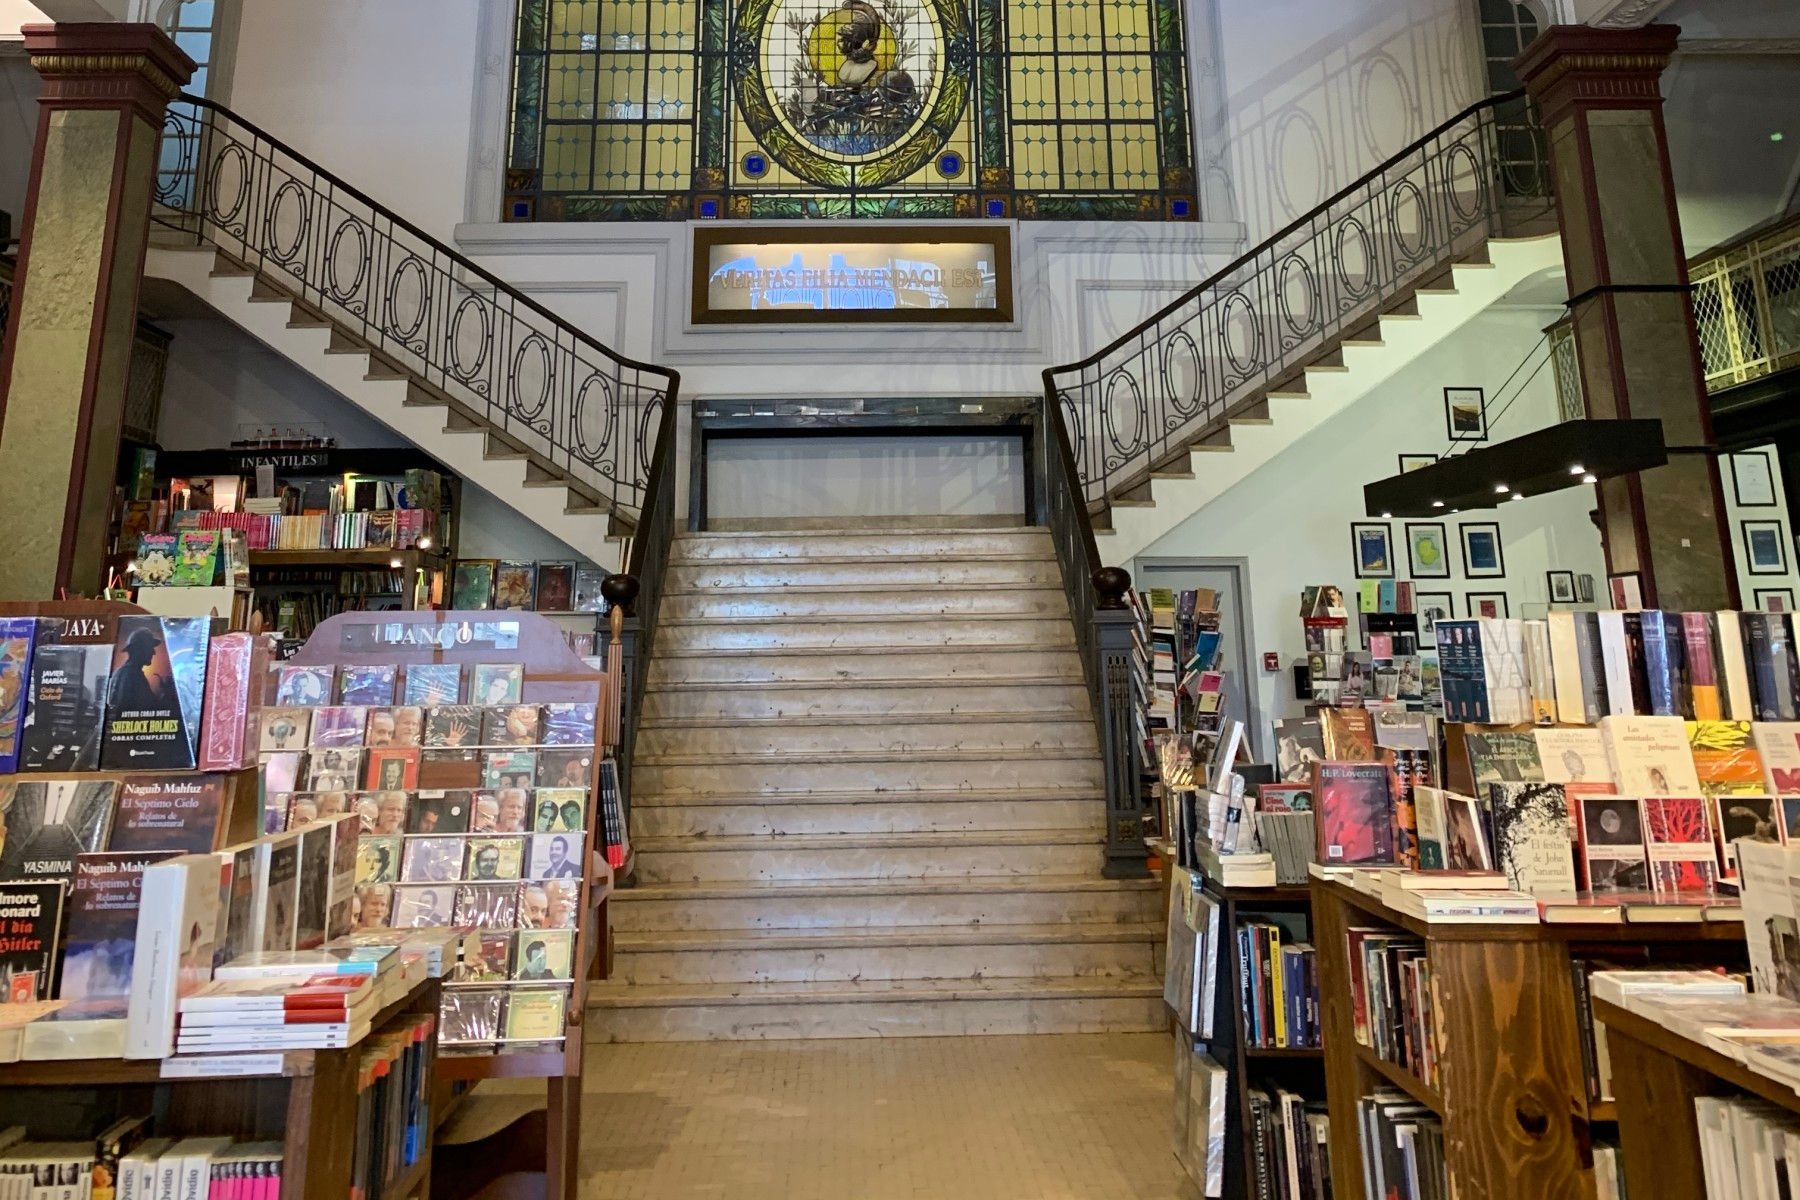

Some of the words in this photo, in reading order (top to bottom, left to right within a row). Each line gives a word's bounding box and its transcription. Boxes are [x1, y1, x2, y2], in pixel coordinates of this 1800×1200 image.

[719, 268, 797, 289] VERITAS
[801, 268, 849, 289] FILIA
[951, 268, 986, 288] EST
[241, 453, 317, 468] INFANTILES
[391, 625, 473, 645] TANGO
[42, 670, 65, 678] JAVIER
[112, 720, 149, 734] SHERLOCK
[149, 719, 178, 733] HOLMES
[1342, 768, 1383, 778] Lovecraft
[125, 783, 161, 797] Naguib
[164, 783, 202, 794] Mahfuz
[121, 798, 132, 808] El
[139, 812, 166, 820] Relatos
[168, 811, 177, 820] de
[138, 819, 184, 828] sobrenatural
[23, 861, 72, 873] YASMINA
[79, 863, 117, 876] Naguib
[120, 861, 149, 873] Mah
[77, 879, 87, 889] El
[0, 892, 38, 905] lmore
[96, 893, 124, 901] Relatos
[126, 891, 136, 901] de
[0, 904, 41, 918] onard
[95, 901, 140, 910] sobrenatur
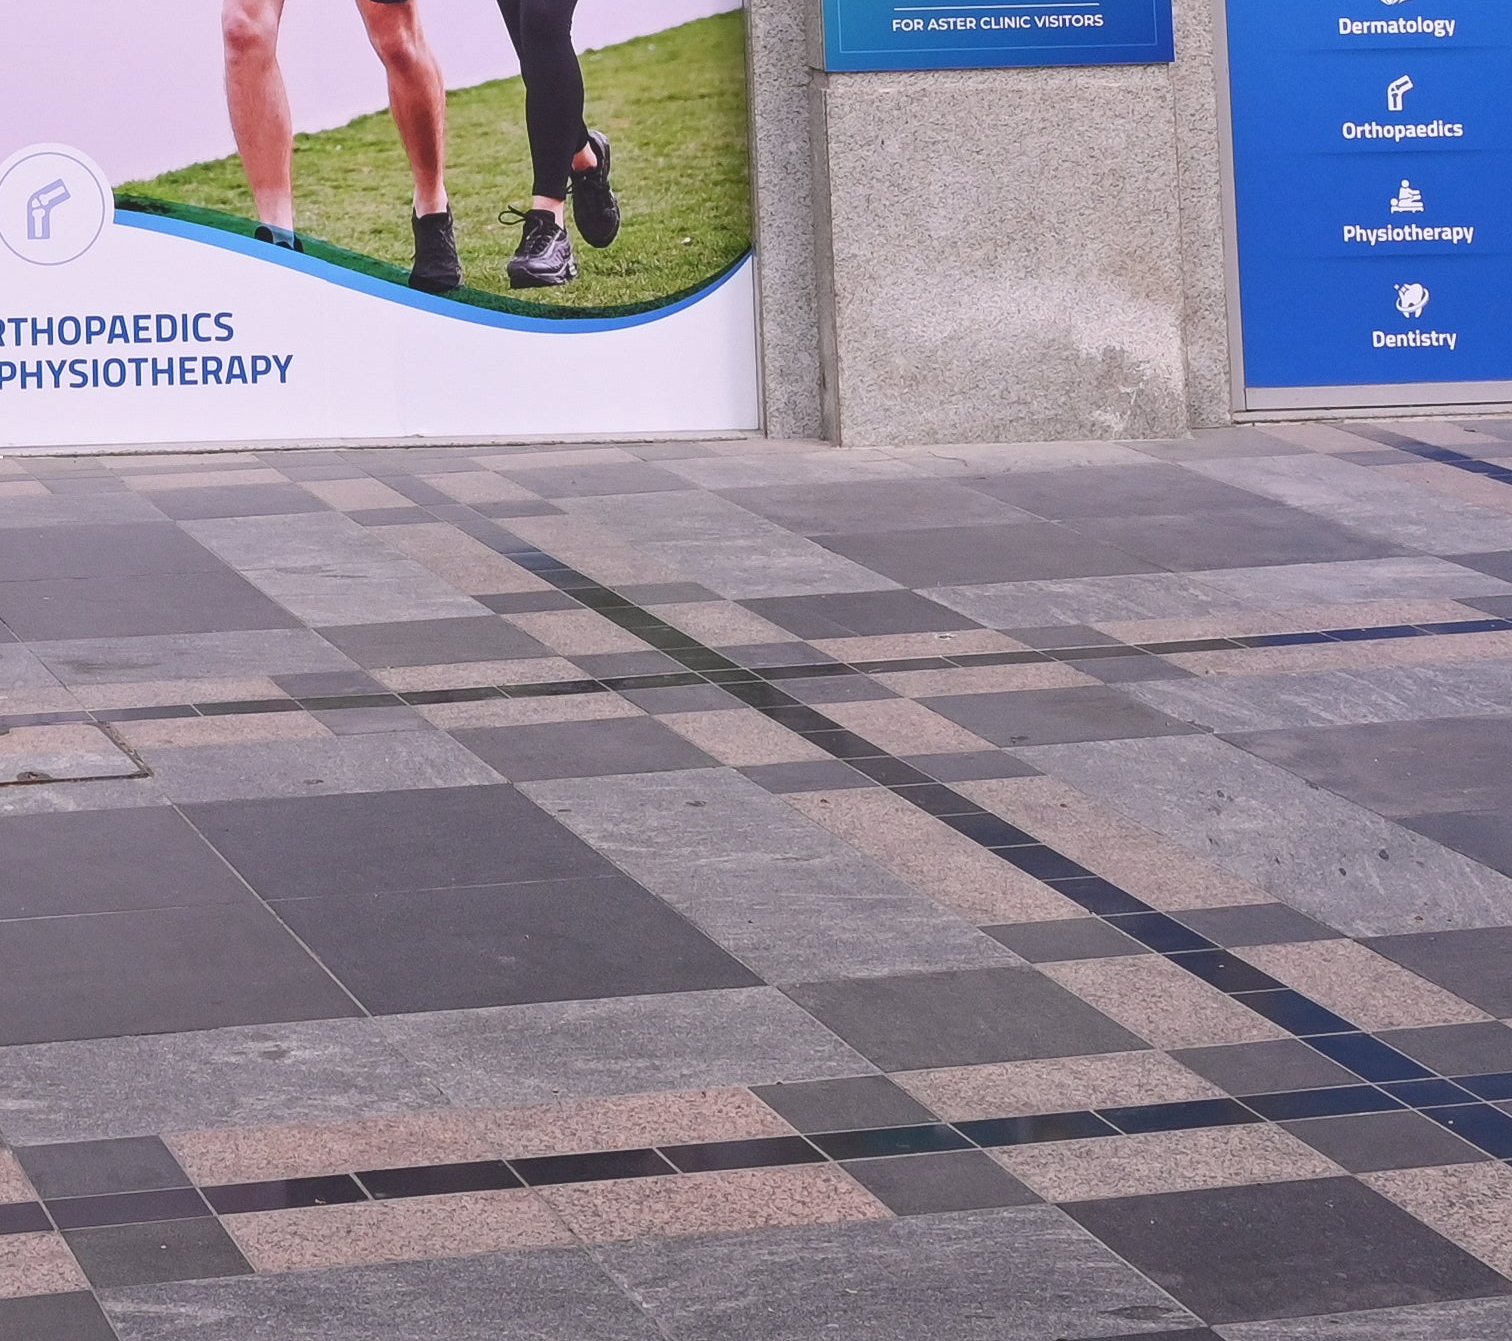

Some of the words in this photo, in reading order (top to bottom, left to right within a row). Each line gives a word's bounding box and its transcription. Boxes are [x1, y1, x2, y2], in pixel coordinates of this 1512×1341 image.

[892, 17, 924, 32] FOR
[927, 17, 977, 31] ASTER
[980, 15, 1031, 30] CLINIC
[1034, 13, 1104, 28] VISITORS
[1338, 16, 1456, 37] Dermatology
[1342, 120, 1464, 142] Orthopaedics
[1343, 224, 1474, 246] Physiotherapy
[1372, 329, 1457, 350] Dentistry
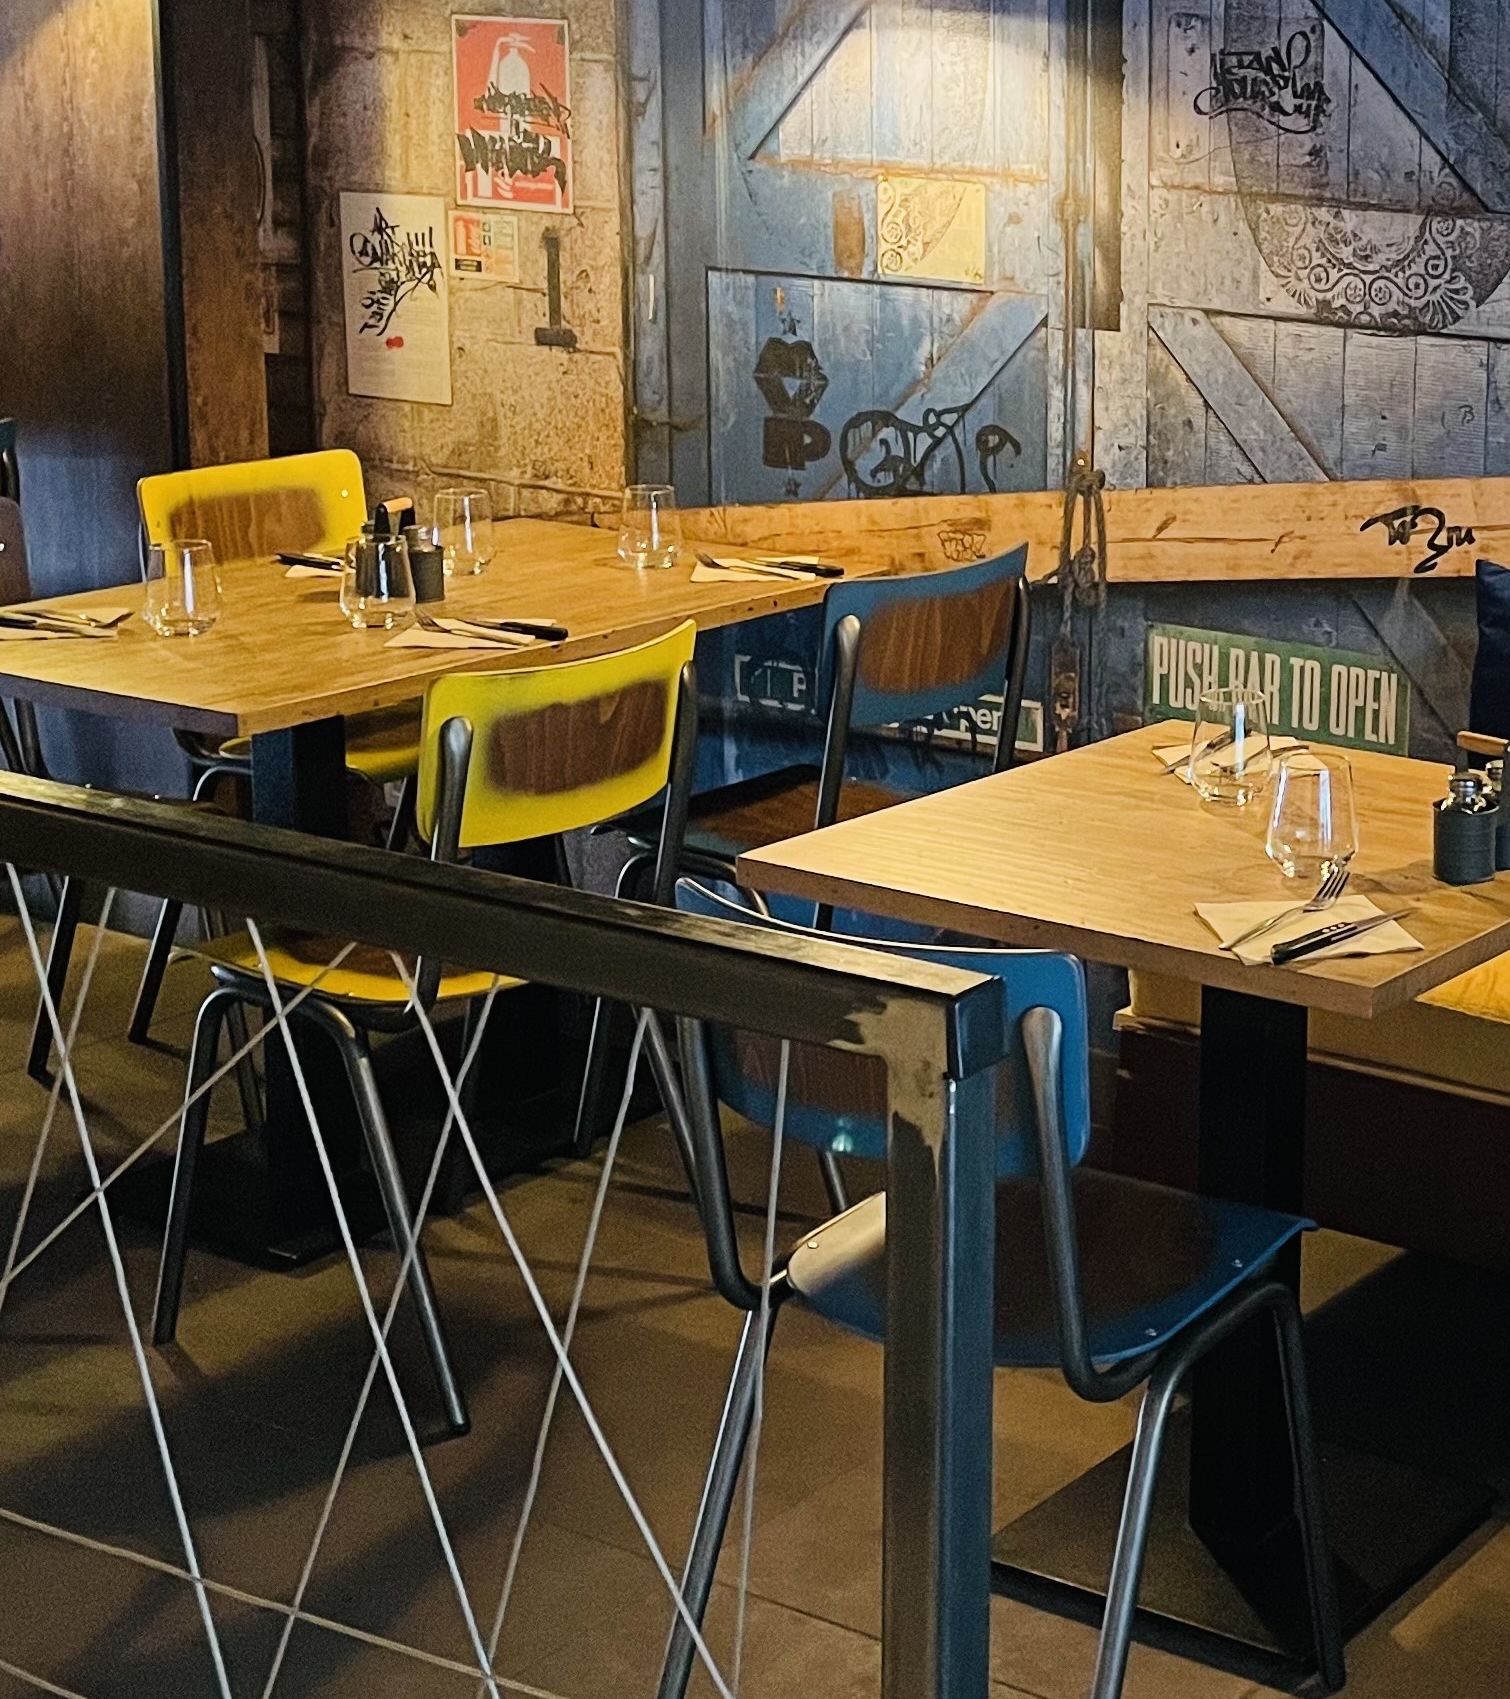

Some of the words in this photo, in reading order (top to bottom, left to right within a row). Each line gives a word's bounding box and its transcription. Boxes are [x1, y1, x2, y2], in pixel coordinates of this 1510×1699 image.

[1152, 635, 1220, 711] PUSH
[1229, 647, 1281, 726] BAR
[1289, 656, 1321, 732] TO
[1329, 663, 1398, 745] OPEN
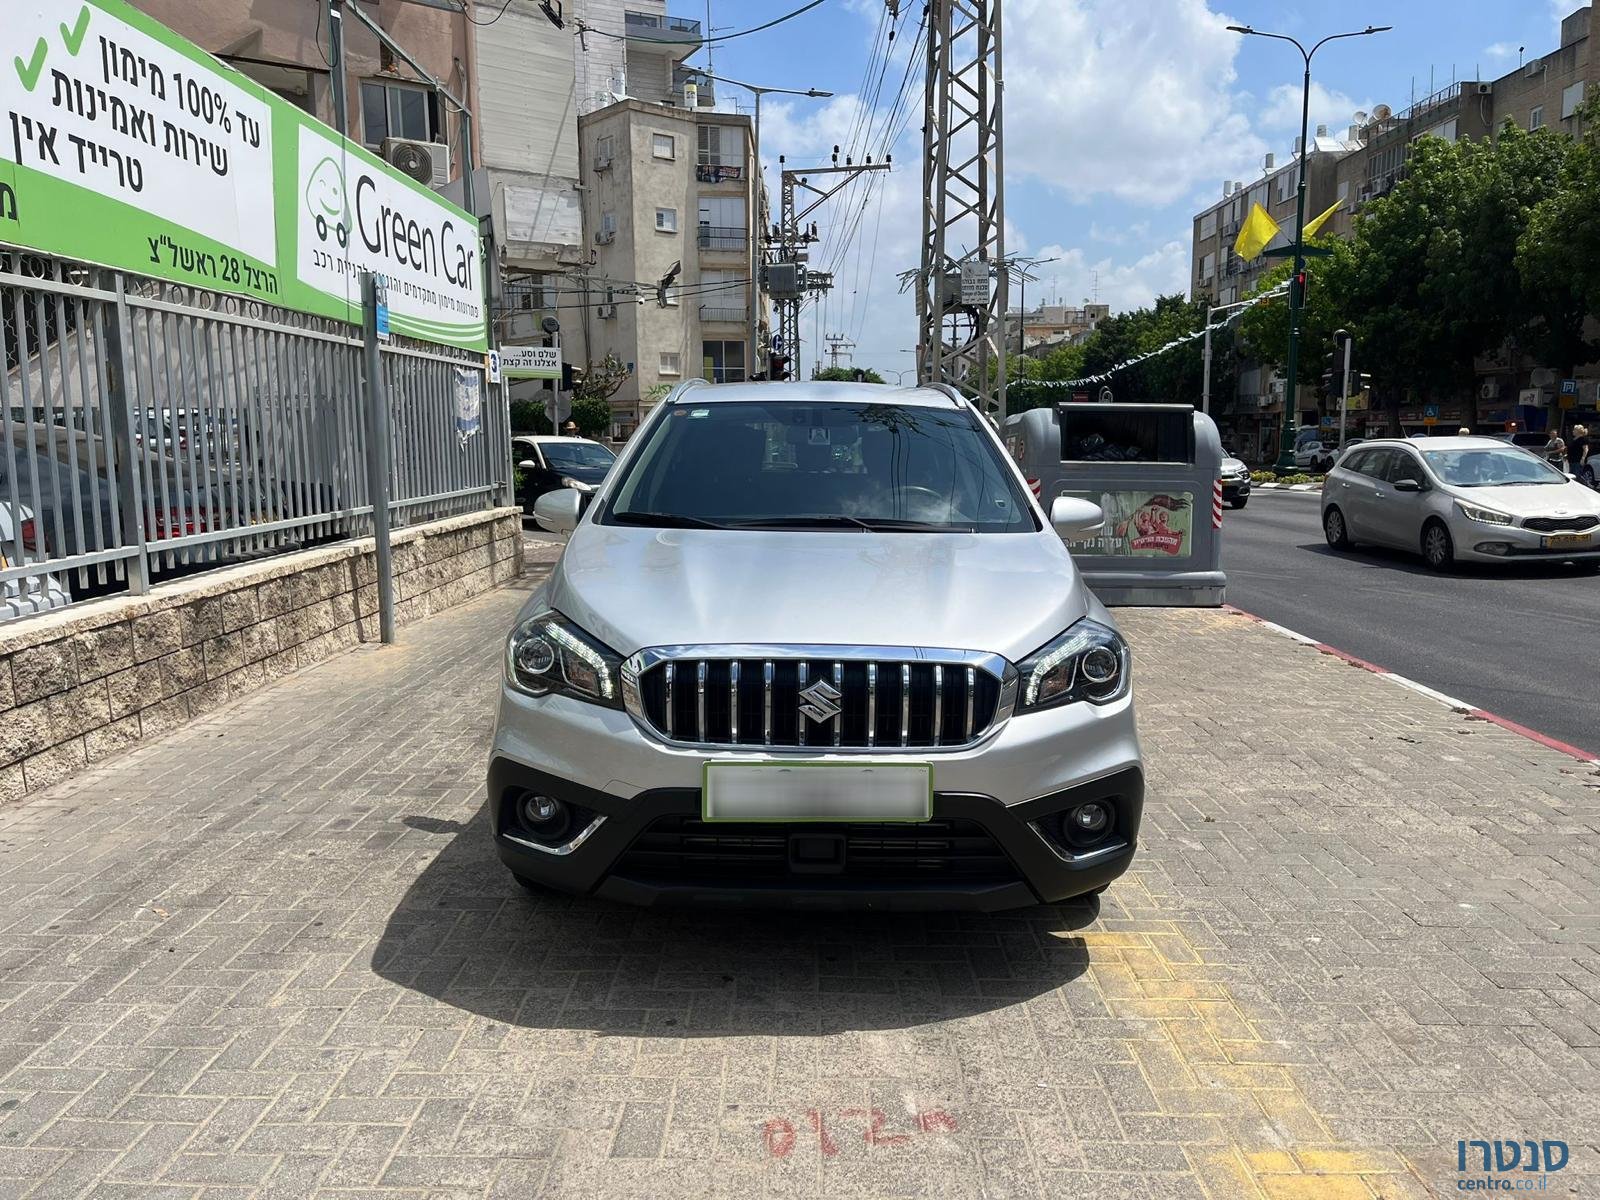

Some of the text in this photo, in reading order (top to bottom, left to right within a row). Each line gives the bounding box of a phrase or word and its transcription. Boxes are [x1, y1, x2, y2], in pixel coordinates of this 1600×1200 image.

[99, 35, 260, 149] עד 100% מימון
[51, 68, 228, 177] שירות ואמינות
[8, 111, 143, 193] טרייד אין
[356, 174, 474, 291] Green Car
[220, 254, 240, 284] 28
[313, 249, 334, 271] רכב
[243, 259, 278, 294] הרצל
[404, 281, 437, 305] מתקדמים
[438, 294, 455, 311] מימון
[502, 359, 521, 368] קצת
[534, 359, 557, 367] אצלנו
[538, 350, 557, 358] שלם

____________________

### Problem details
What you give back should be the lines from the one with "Some of the text" to the end of the data, copied exactly, both ends included.

### Output for this exercise
Some of the text in this photo, in reading order (top to bottom, left to right within a row). Each line gives the bounding box of a phrase or word and its transcription. Boxes are [x1, y1, x2, y2], in pixel coordinates of this 1600×1200 image.

[99, 35, 260, 149] עד 100% מימון
[51, 68, 228, 177] שירות ואמינות
[8, 111, 143, 193] טרייד אין
[356, 174, 474, 291] Green Car
[220, 254, 240, 284] 28
[313, 249, 334, 271] רכב
[243, 259, 278, 294] הרצל
[404, 281, 437, 305] מתקדמים
[438, 294, 455, 311] מימון
[502, 359, 521, 368] קצת
[534, 359, 557, 367] אצלנו
[538, 350, 557, 358] שלם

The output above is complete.